Processes have several options for storing the results:

  • as files (FileField)

  • as files in data object’s directory (DirField)

  • as constants in process’s output fields (i.e. IntegerField, StringField, etc.)

  • as entries in the Postgres data storage (i.e. JsonField)

The values to be stored in the output fields are saved by the executed algorithm when assigned to the matching output field names, e.g.

outputs.bam = "alignment.bam"
outputs.bai = "alignment.bam.bai"
outputs.species = "Homo sapiens"

Note

Resolwe will automatically add files’ sizes to the files’ size subfields.

Warning

After the process has finished, Resolwe will automatically check if all the referenced files exist. If any file is missing, it will set the data object’s status to ERROR. Files that are not referenced are automatically deleted by the platform, so make sure to reference all the files you want to keep!

Saving status

Status of the processing jobs can be set by modifying the following fields:

  • self.progress()

    field can be used to report processing progress interactively. You can set it to a value between 0 and 1 that represents an estimate for process’s progress.

  • self.error()

    Sets the error message for the process. Processing jobs with the status set to ERROR will be marked as failed. All processes that depend on this process will subsequently fail and their status will be set to ERROR as well.

  • self.warning()

    Sets the warning message for the process. Processing jobs with the status set to WARNING will be marked as successful, but with warnings. All processes that depend on this process will be executed normally.

  • self.info()

    Sets the info message for the process. Processing jobs with the status set to INFO will be marked as successful, but with additional info. All processes that depend on this process will be executed normally.

Relations between Entities (samples)

Entities (or samples) are a way to group data objects that belong together. Entities are created automatically when a data object is created with a process that has the entity field defined. See Entity above for more details about the entity field.

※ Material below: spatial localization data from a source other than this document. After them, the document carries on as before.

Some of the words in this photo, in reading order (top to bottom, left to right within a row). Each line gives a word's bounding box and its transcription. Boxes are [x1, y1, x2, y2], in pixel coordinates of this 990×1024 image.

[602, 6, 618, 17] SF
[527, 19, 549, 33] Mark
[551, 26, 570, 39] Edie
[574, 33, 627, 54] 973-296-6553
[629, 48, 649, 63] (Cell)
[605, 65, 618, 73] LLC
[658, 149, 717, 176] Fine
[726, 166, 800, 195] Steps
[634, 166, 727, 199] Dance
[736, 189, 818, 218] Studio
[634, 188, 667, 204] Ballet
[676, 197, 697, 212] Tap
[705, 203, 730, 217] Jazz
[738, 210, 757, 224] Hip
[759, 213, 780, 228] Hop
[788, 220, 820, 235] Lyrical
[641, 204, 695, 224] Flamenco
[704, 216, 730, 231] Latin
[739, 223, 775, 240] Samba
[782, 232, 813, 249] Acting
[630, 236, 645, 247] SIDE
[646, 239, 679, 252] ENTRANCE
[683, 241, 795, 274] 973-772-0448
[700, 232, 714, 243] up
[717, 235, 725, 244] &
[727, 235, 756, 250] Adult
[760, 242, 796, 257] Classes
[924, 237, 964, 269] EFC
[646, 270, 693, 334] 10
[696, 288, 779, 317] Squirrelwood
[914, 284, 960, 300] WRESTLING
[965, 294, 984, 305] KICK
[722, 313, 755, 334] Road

A Relation encodes structured relationships between Entities within the same Collection, e.g. case-control pairing, time-series ordering, replicate sets. Relations are defined on a Collection and reference its member Entities.

To set the group relation of category type Replicate between Entities associated with the Data object reads_1 and reads_2, use the following example:

from resolwe.flow.models.entity import Relation, RelationPartition, RelationType

rel_type_group = RelationType.objects.get(name="group")

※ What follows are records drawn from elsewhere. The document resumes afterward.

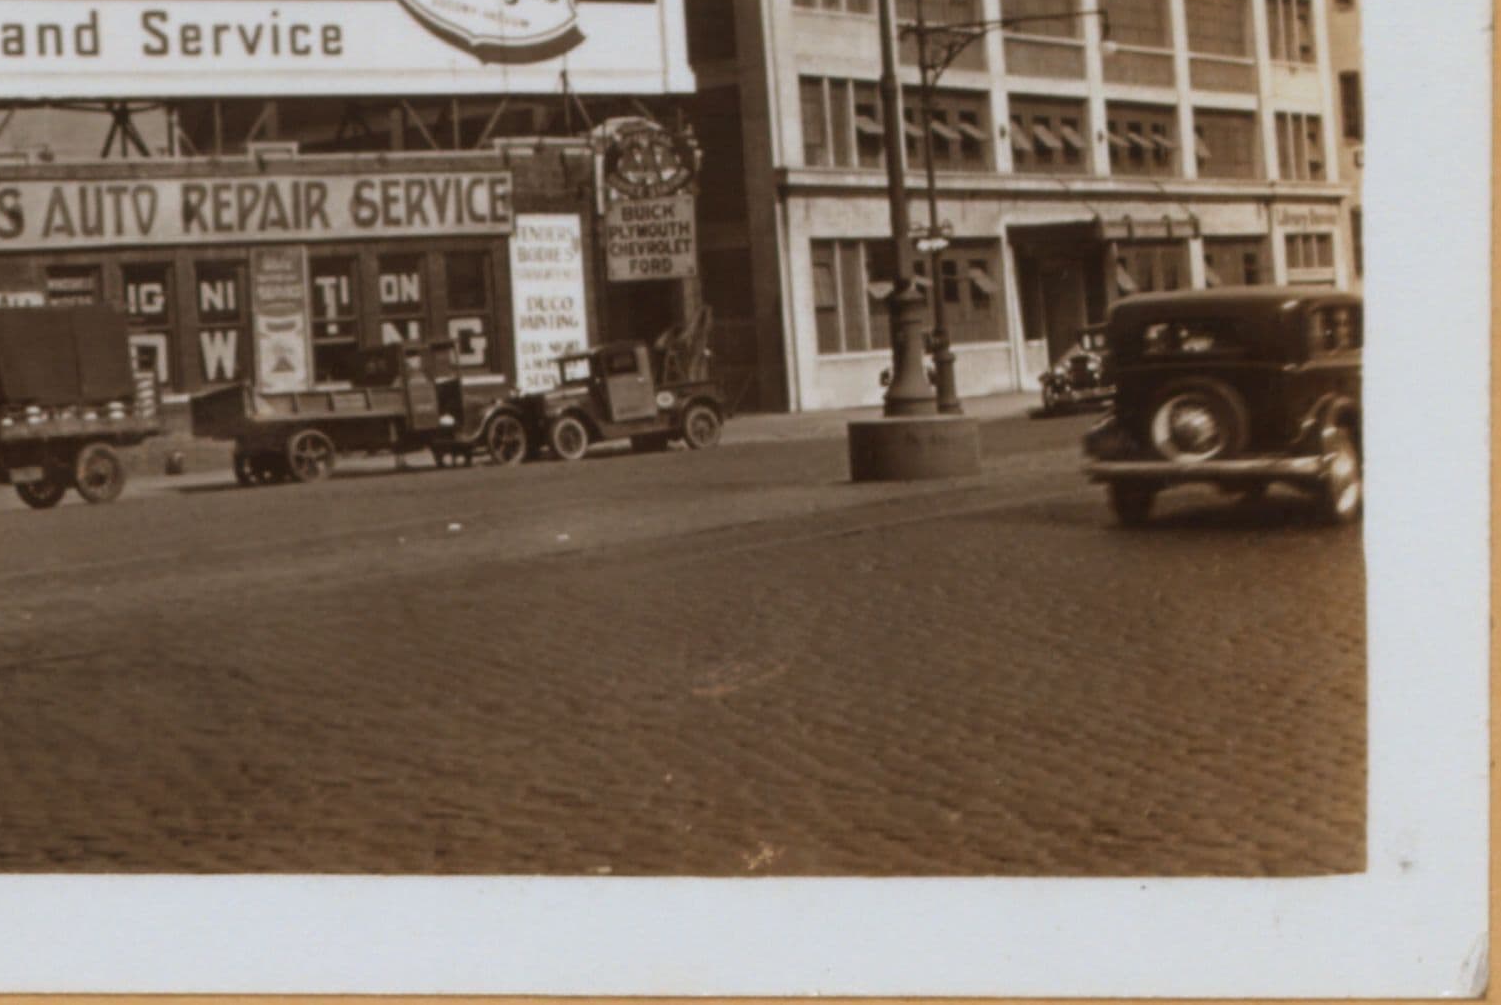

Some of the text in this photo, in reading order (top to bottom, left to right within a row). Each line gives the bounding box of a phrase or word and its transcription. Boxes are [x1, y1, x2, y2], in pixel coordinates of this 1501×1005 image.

[0, 11, 100, 57] and
[140, 10, 344, 57] Service
[41, 182, 159, 241] AUTO
[181, 179, 332, 234] REPAIR
[349, 177, 509, 229] SERVICE
[620, 204, 676, 223] BUICK
[607, 221, 693, 241] PLYMOUTH
[608, 238, 695, 257] CHEVROLET
[628, 256, 674, 275] FORD
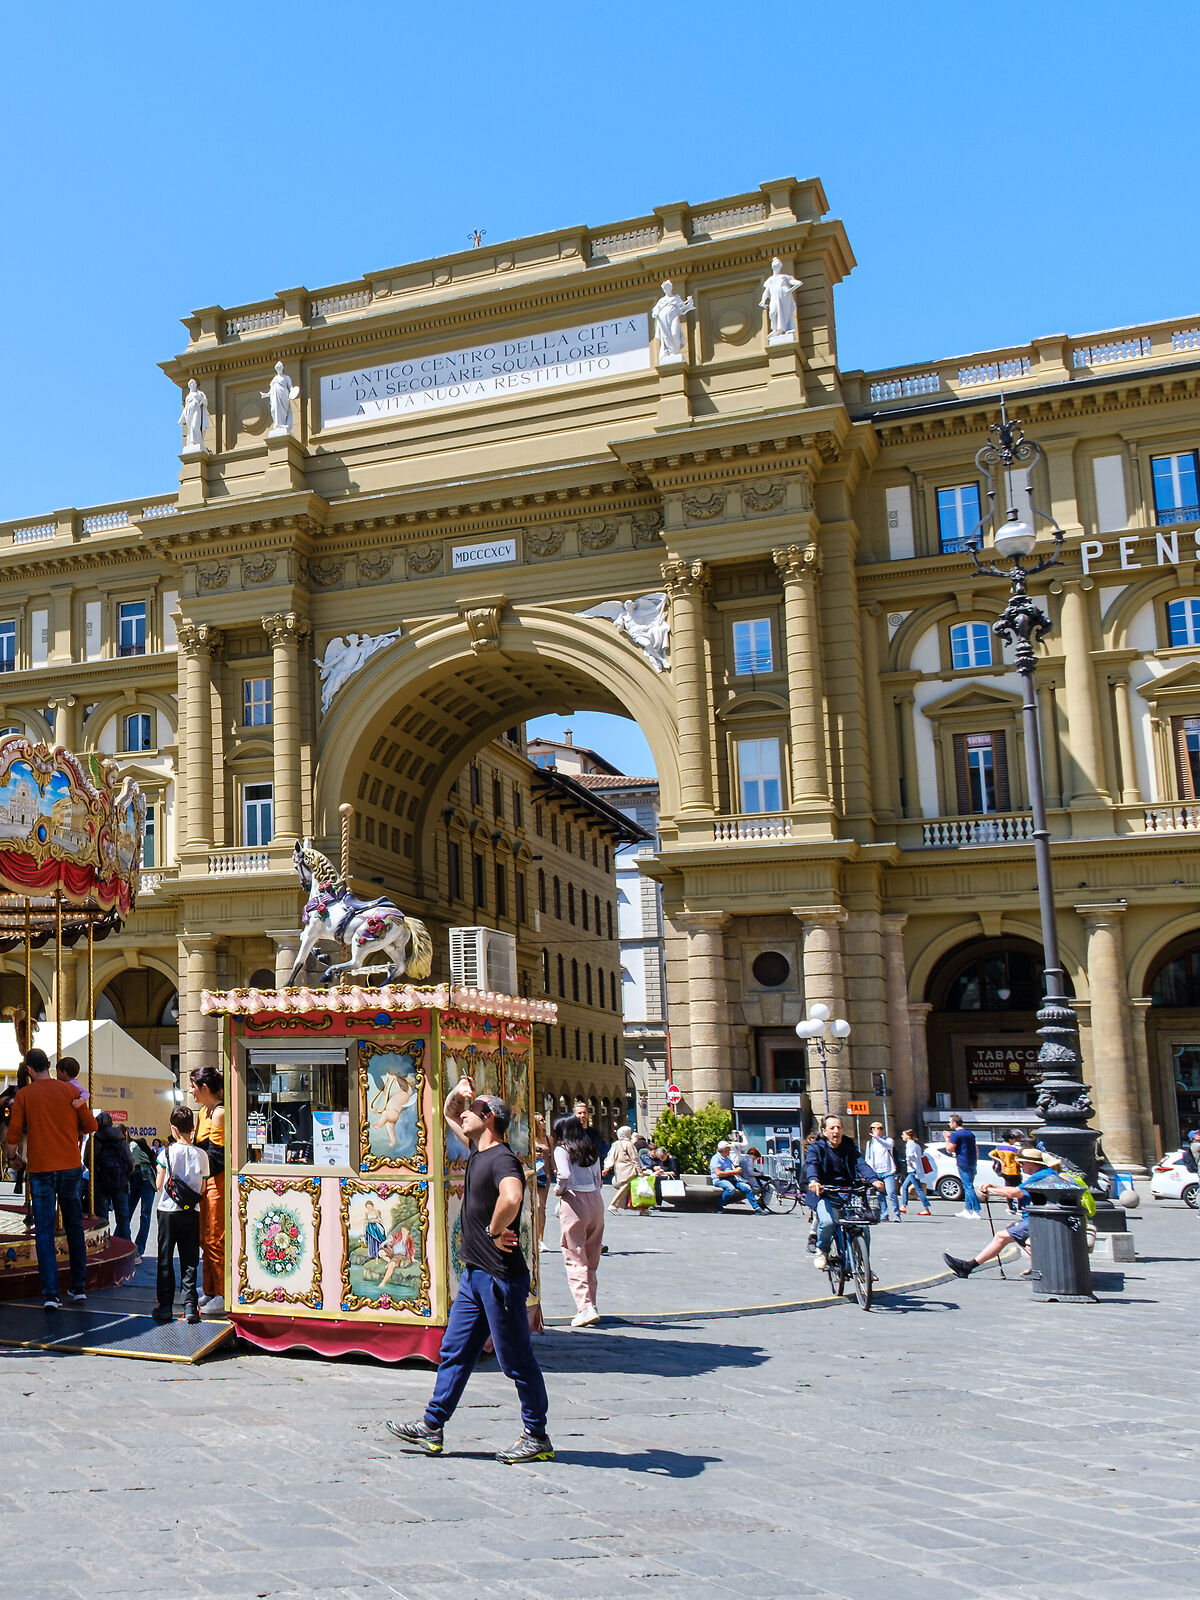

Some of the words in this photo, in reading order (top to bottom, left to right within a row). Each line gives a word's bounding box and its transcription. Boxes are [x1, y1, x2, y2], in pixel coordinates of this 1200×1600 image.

[349, 364, 414, 388] ANTICO
[421, 347, 496, 373] CENTRO
[504, 333, 569, 357] DELLA
[355, 386, 378, 401] DA
[386, 365, 483, 395] SECOLARE
[492, 341, 609, 374] SQUALLORE
[356, 404, 366, 416] A
[375, 394, 415, 411] VITA
[424, 381, 485, 403] NUOVA
[495, 357, 610, 390] RESTITUITO
[455, 545, 512, 563] MDCCCXCV
[977, 1050, 1041, 1060] TABACC
[139, 1127, 157, 1136] 2023

replicate_group = Relation.objects.create(
    contributor=self.contributor,
    collection=self.collection,
    type=rel_type_group,
    category="Replicate",
)

RelationPartition.objects.create(
    relation=replicate_group,
    entity=reads_1.entity,
    label="My sample",
)

RelationPartition.objects.create(
    relation=replicate_group,
    entity=reads_2.entity,
    label="My sample",
)

Metadata annotation model

Entity (sample) annotations store descriptive metadata as key-value pairs attached to an Entity, allowing you to record attributes such as tissue, condition, or experimental factors and to filter or group Entities for further analysis.

AnnotationField objects define individual annotation keys. Each element specifies the name, data type, allowed values, and optional constraints (e.g., a controlled vocabulary or required status). AnnotationField objects ensure that annotation values remain consistent and validated across Entities.

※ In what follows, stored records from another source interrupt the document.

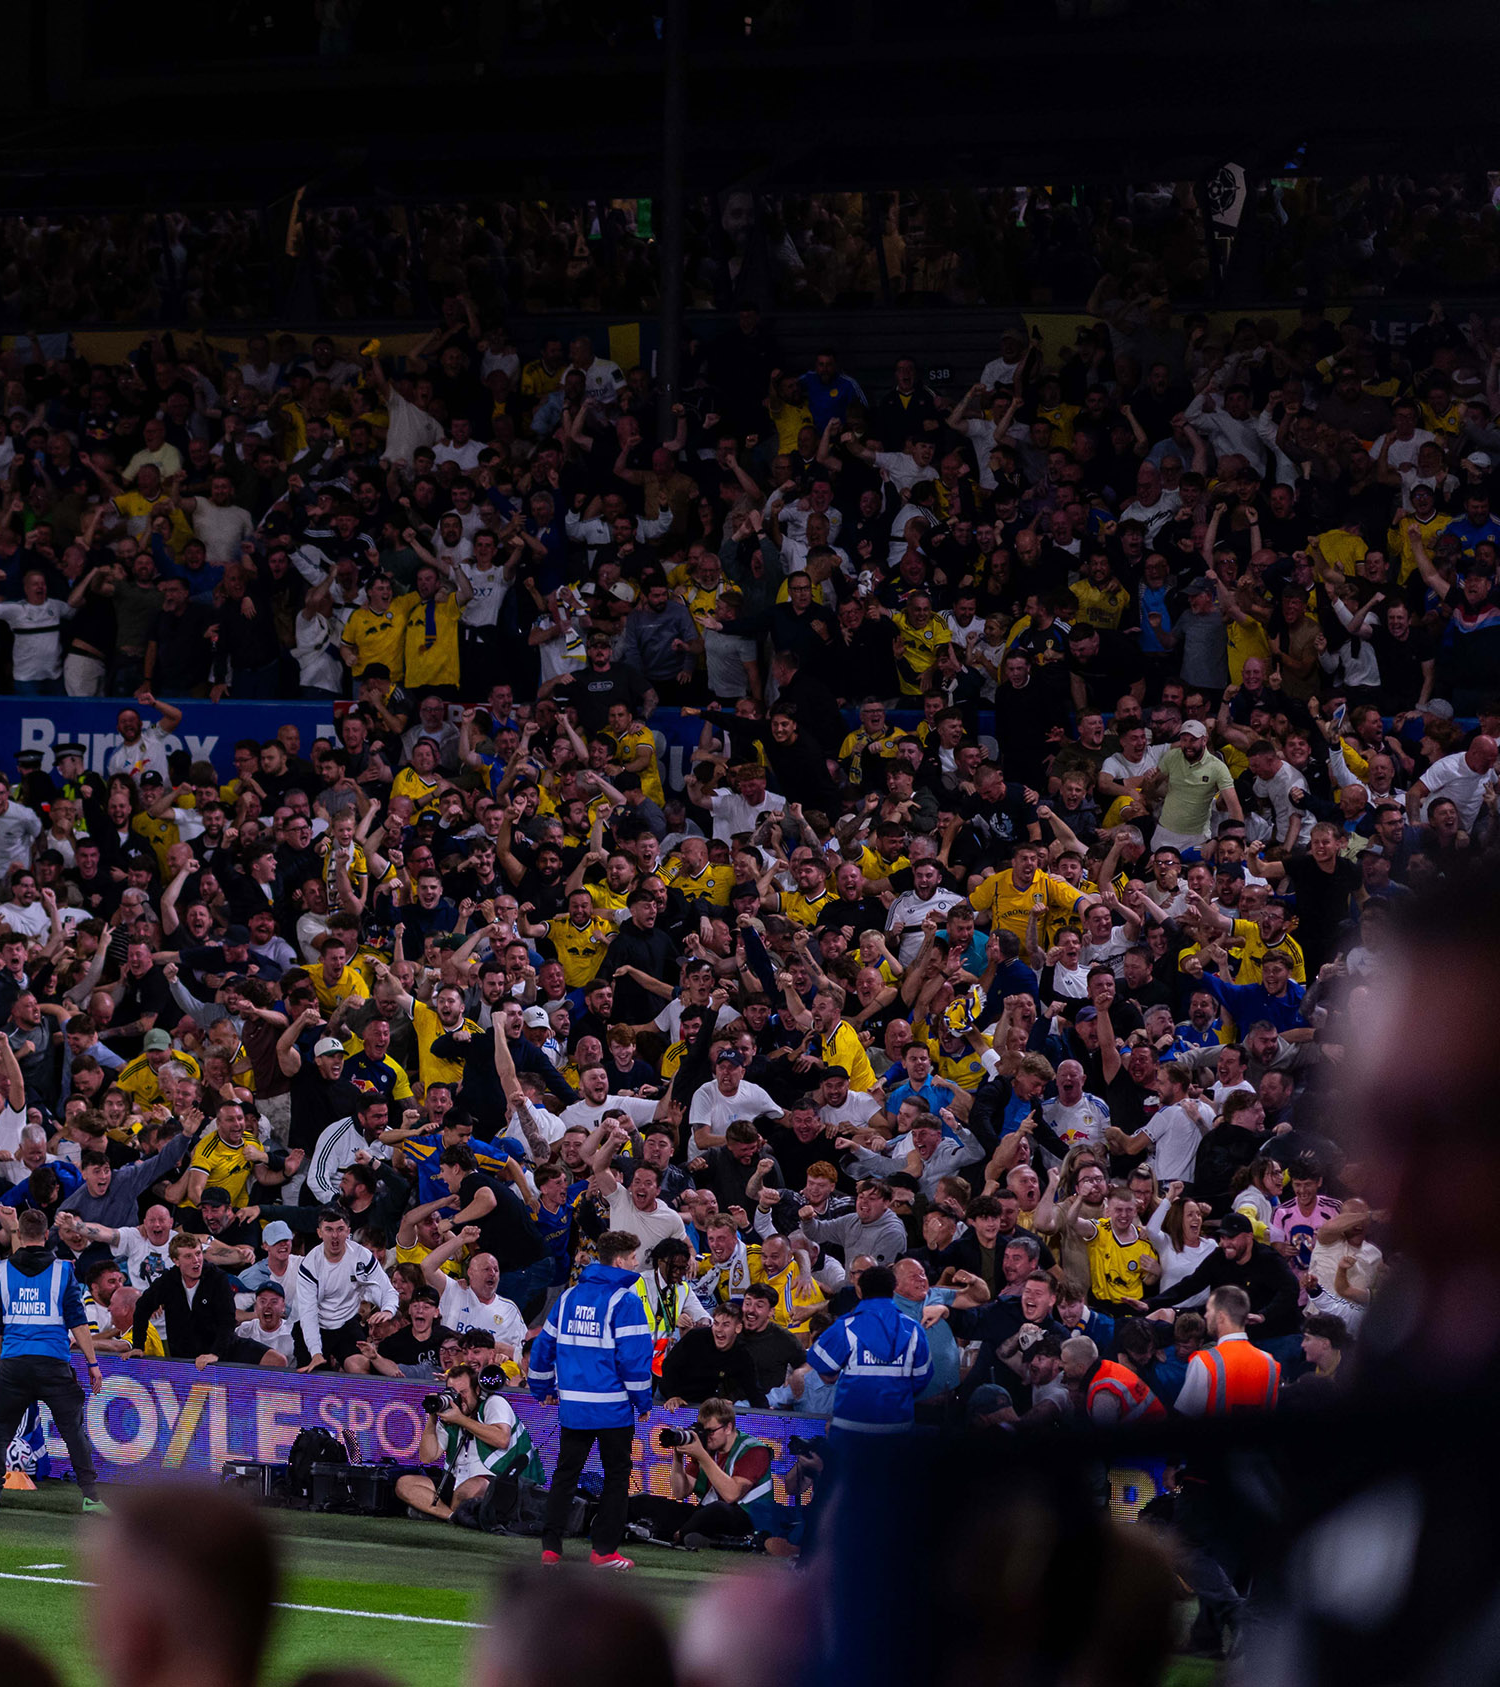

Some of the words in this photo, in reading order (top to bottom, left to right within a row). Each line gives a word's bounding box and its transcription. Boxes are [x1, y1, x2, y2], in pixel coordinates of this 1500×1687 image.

[929, 369, 950, 381] S3B
[21, 718, 219, 782] Burex
[1002, 908, 1031, 919] STRONG
[19, 1287, 39, 1301] PITCH
[12, 1301, 46, 1315] RUNNER
[575, 1305, 596, 1320] PITCH
[567, 1319, 601, 1336] RUNNER
[319, 1395, 426, 1458] SPO

AnnotationGroup elements let you organize related AnnotationField elements into groups.

Values of the AnnotationField named species belonging to the AnnotationGroup general can be managed from within a process using the following example syntax:

self.data.entity.annotations["general.species"] = "Homo sapiens"

Please refer to Resolwe SDK for Python documentation for details on how to annotate samples using the Resolwe Python SDK.